Project Management Software

The relationships between project activities can become complicated in medium- and high-complexity projects. Dedicated project management software can compute the sum of activity durations along several different paths through complex relationships and recalculate them immediately if any of the durations or starting times are changed. Similarly, charts and reports are updated automatically based on the new data. The most popular software for medium-complexity projects is Microsoft Project. If a project manager begins work on the project in the belief that it can be managed using a list of activities in a word processing program or in a spreadsheet, the list of activities and their durations can be copied and pasted, or imported, into the project management software’s table of activities, if the original document or spreadsheet was designed with that possibility in mind, as shown in Figure 6.6.

Figure 6.6 List of Activities Transferred to a Project Management Program

Once the data are placed in the project management software, the relationships can be defined and reports created. Organizations on a tight budget might consider using an open source program named OpenProject. Open source software is usually available at no cost for individual users and with fewer restrictions than proprietary software like Microsoft Project.

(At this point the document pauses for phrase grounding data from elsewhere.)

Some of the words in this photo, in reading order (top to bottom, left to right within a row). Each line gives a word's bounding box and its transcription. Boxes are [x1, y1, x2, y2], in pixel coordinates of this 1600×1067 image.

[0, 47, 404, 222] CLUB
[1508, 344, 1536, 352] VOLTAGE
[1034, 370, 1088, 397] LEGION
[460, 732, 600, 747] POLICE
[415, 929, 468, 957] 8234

OpenProject is similar to Microsoft Project, as shown in Figure 6.7, and could be used on low- and medium-complexity projects that do not need the more advanced features available in Microsoft Project.

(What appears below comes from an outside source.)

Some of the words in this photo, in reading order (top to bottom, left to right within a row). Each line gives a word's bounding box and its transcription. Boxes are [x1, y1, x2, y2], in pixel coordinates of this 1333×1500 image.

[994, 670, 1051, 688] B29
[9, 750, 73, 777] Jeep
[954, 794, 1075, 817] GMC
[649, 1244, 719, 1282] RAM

Figure 6.7 Open Source Project Management Software

SOFTWARE FOR COMPLEX PROJECTS

Complex projects can involve thousands of individual activities and a company might have several projects going at the same time. Large, complex projects are common in the construction industry. A software that is commonly used for complex projects in construction is P6 from Primavera. It has the ability to produce sophisticated reports that help project managers to anticipate problems and make projections.

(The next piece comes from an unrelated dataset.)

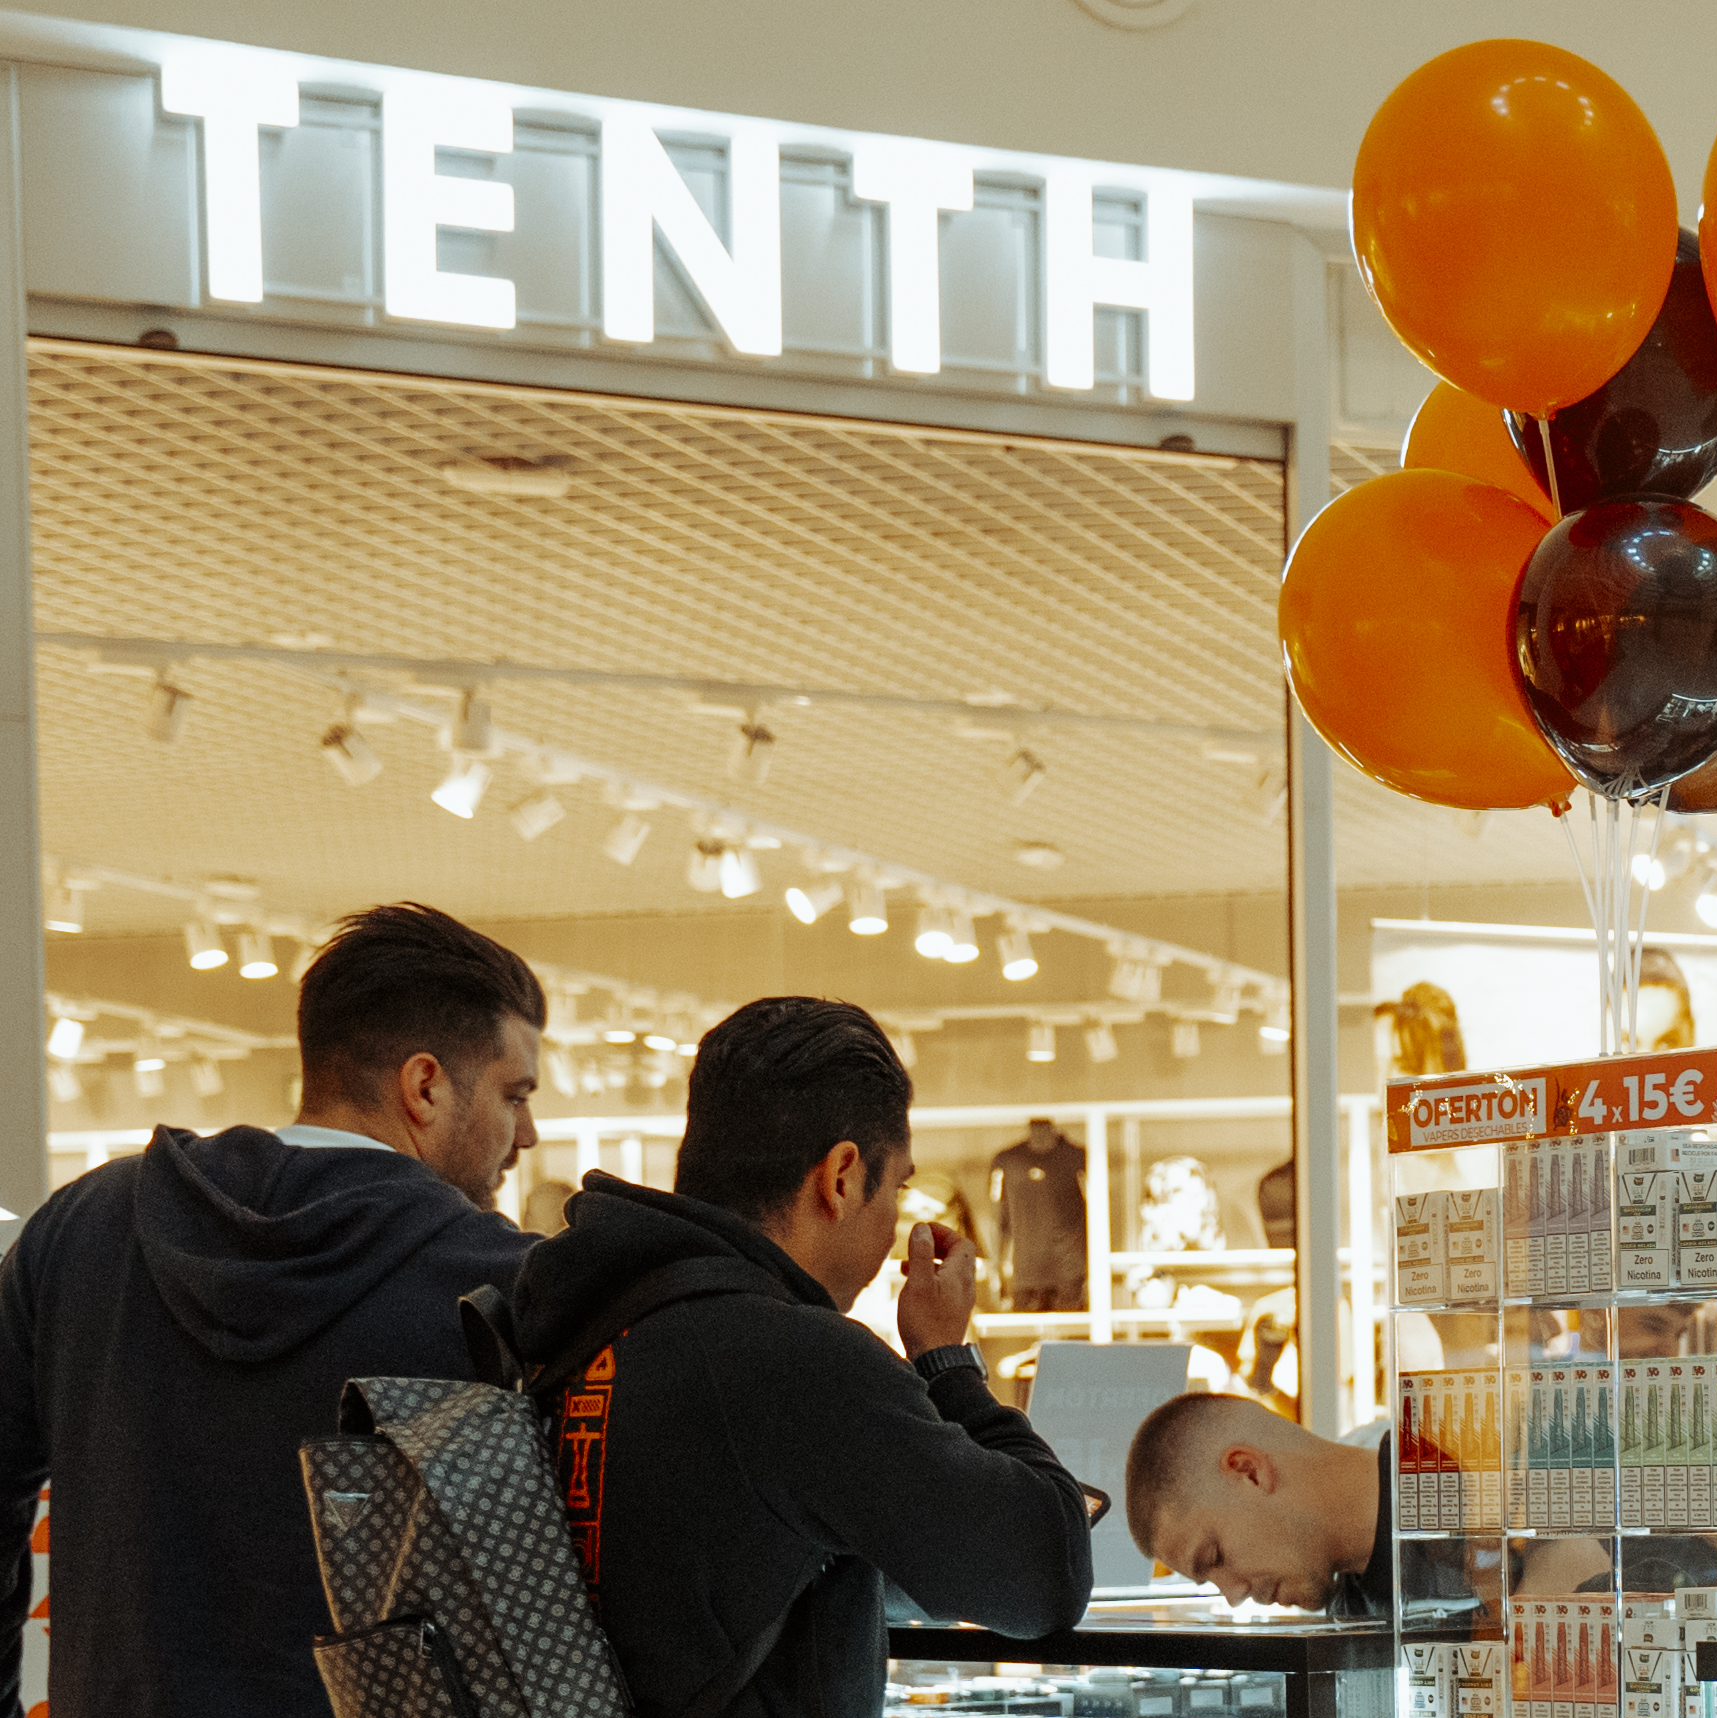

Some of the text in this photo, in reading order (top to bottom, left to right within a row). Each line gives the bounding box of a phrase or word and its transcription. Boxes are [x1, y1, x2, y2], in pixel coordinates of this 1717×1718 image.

Word processing documents often contain data that could be aggregated and analyzed. Beginning with Microsoft Word 2007 and the .docx file format, it is possible to insert characters called tags on either side of a particular section of a form or document and assign a data label. For example, the name of the supplier on an invoice could be enclosed between two tags: Thompson Hardware. These tags resemble those used in the hypertext markup language (HTML) to identify how to display text on a Web page, but instead of telling a Web browser how to display the name of the supplier, it identifies Thompson Hardware as the supplier. These tags are can be created by following a set of rules called the extensible markup language (XML). Forms created using XML can be scanned for the content that is marked by tags. The data can be imported into a spreadsheet or database for analysis. Creating documents that use XML to identify data in the forms can be done using Microsoft InfoPath. An example that identifies key facts in a document that was prepared using InfoPath is shown in Figure 6.8. Because it takes extra effort to learn to use InfoPath, or a similar XML authoring program, and to create the forms, this approach is normally limited to complex and sophisticated organizations that have the need to manage large amounts of data.

Figure 6.8 InfoPath Form with XML Tags
KEY TAKEAWAYS
  • Low-complexity projects might be managed using general purpose word processing and spreadsheet software by using the special features for outlining, managing data, and inserting graphic objects
  • Medium-complexity projects need special purpose software for managing project activities, such as Microsoft Project, and graphic software such as Visio. Open source software such as OpenProject and Open Office Draw may suffice.
  • High-complexity projects need more sophisticated project management software like P6 from Primavera. Forms can be created using XML tags that allow data to be extracted from the documents.
  • Files can be stored at a location that is accessible by all the team members. They can be granted different levels of access, including view only, edit only, and ownership. Features like track changes and compare documents can help manage edits.